A 22-month research project by the University of Glasgow's Brain Injury Group also discovered a five-fold increase in the risk of Alzheimer's, a four-fold increase in motor neurone disease and a two-fold increase in Parkinson's.
The report was unable to establish whether higher levels of brain disease was due to repeated concussions, heading leather footballs, or some other factor.
However, the Football Association (FA), which helped fund the research, said it would be setting up a task force to examine the potential causes more deeply.
The family of former West Bromwich Albion striker Jeff Astle, who died in 2002 of what a coroner said was an "industrial disease" partly caused by heading footballs during his career, said they were shocked at the scale of the problem.
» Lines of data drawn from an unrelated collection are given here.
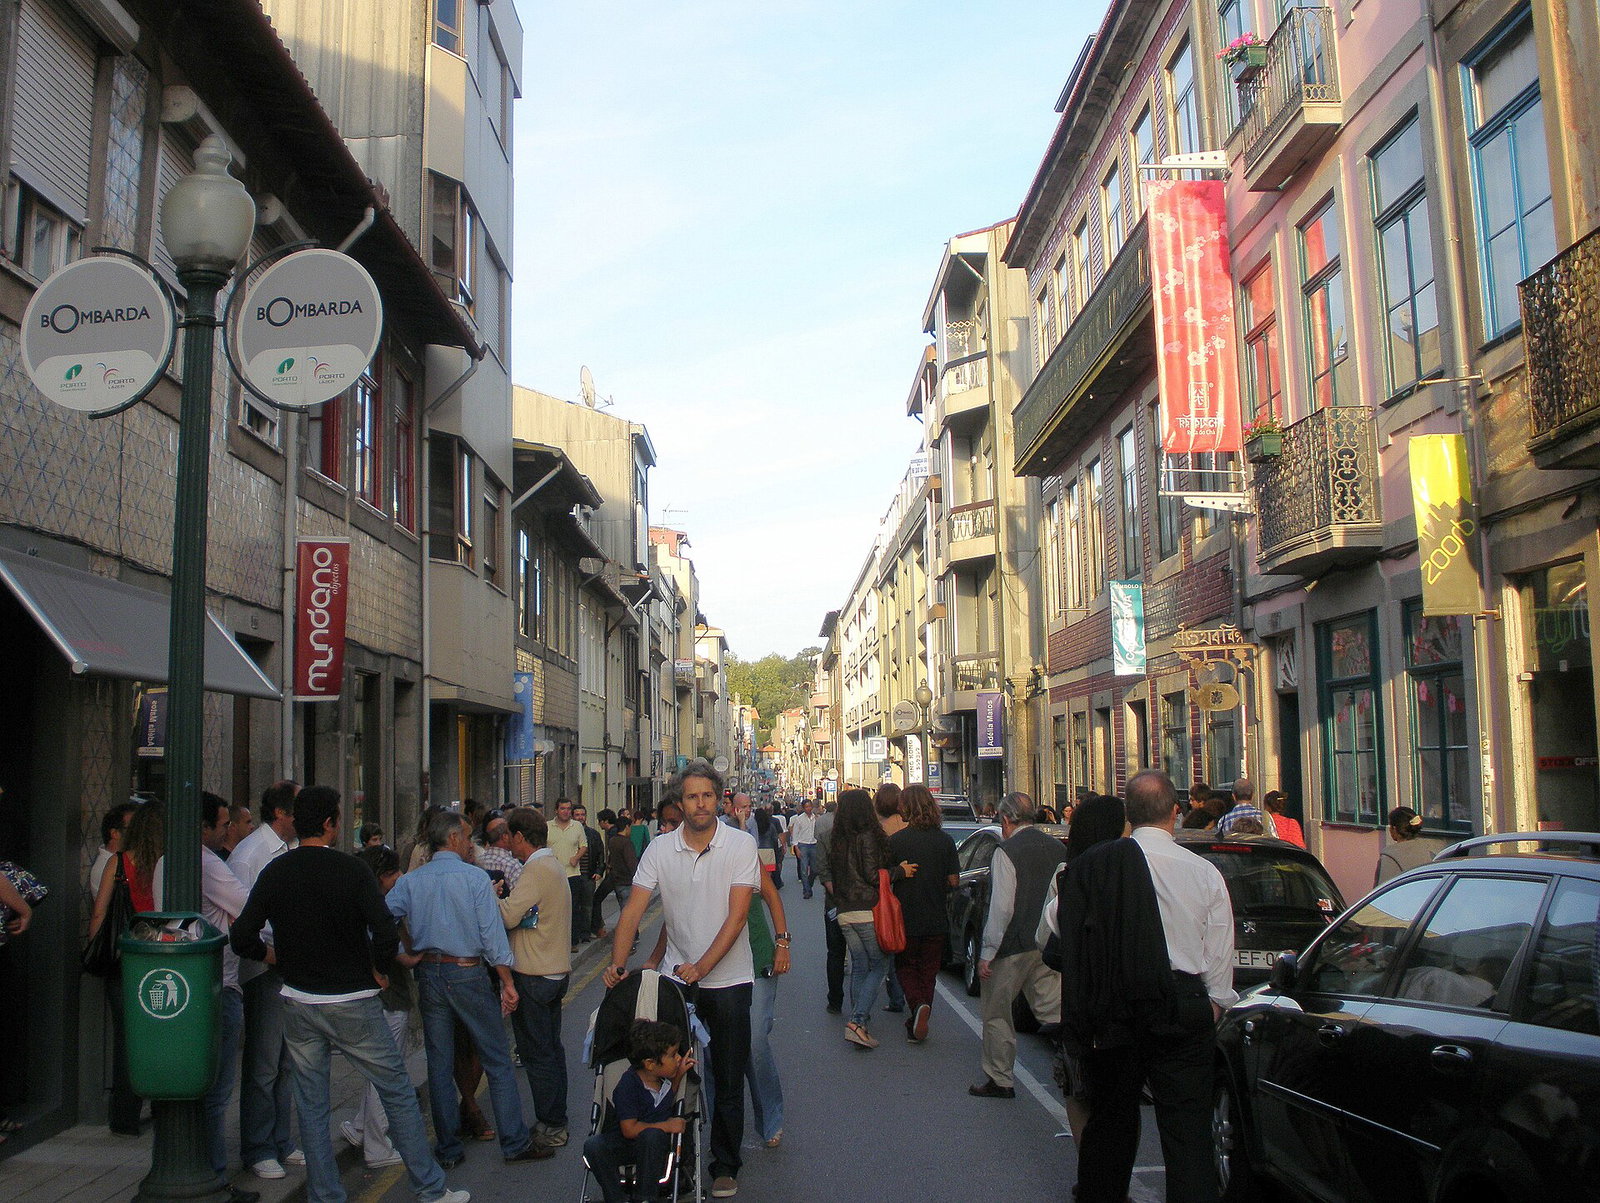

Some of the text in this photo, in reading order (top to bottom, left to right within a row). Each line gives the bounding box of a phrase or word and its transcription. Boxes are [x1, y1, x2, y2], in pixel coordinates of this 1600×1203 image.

[41, 304, 151, 334] BOMBARDA
[257, 296, 363, 327] BOMBARDA
[331, 563, 343, 595] objectos
[306, 547, 334, 692] mundano
[873, 741, 882, 753] P
[929, 764, 937, 776] P
"I am staggered even though my own research and instinct was always that there was a serious problem," said his daughter Dawn Astle, who has been contacted by more than 400 families of former players with dementia.
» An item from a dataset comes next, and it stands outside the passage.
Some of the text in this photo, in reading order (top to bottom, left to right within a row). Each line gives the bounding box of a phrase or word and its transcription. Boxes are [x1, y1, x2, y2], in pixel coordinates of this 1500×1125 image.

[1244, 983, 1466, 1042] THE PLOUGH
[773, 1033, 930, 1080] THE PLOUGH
"We knew dad could not be the only one. We just wanted to see that football cared enough to find out the scale of the problem, to do the right thing and be there for these people when they need them most.
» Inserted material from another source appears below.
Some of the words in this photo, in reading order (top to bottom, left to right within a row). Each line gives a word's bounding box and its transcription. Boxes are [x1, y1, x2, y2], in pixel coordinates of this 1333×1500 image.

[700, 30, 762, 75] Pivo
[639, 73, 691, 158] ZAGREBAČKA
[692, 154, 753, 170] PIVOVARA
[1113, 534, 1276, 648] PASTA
"Whatever they do next, it must be across all parts of the game."
LESS AIR TIME
The number of aerial challenges has already been reduced significantly... as we have changed to smaller pitches and possession-based football.
MARK BULLINGHAM, FA chief executive.
The FA confirmed that despite the study, which used recently digitised National Health Service Scotland data to compare the causes of death of 7,676 former male professional players who were born between 1900 and 1976 against those of more than 23,000 people from the general population, there was not yet enough evidence to change any aspect of the game.
"Our research shows the number of aerial challenges has already been reduced significantly over the years as we have changed to smaller pitches and possession-based football," the FA chief executive, Mark Bullingham, said.
"However, as new evidence comes to light, we will continue to monitor and reassess all aspects of the game."
Data from Opta backs up Bullingham's assessment, with high crosses in the Premier League having declined from a peak - since Opta records began in 2006 - of 38.2 per game in 2008-09 to a low of 24.2 last season.
However, the research is still bound to increase the pressure on the International Football Association Board, which meets in Zurich today, to consider implementing rules that allow "concussion substitutes" if a player gets assessed for a head injury during a match.
Many doctors and former players have been critical of the slow response of the Professional Footballers' Association to the dementia problem over the past decade, with Chris Sutton, whose father Mike - a former Norwich player - suffered from dementia, calling for an apology.
However, the PFA's deputy chief executive, Bobby Barnes, said the organisation now better understands the scale of the problem. He added that five members of the PFA had also agreed to donate their brains to medical science after they die.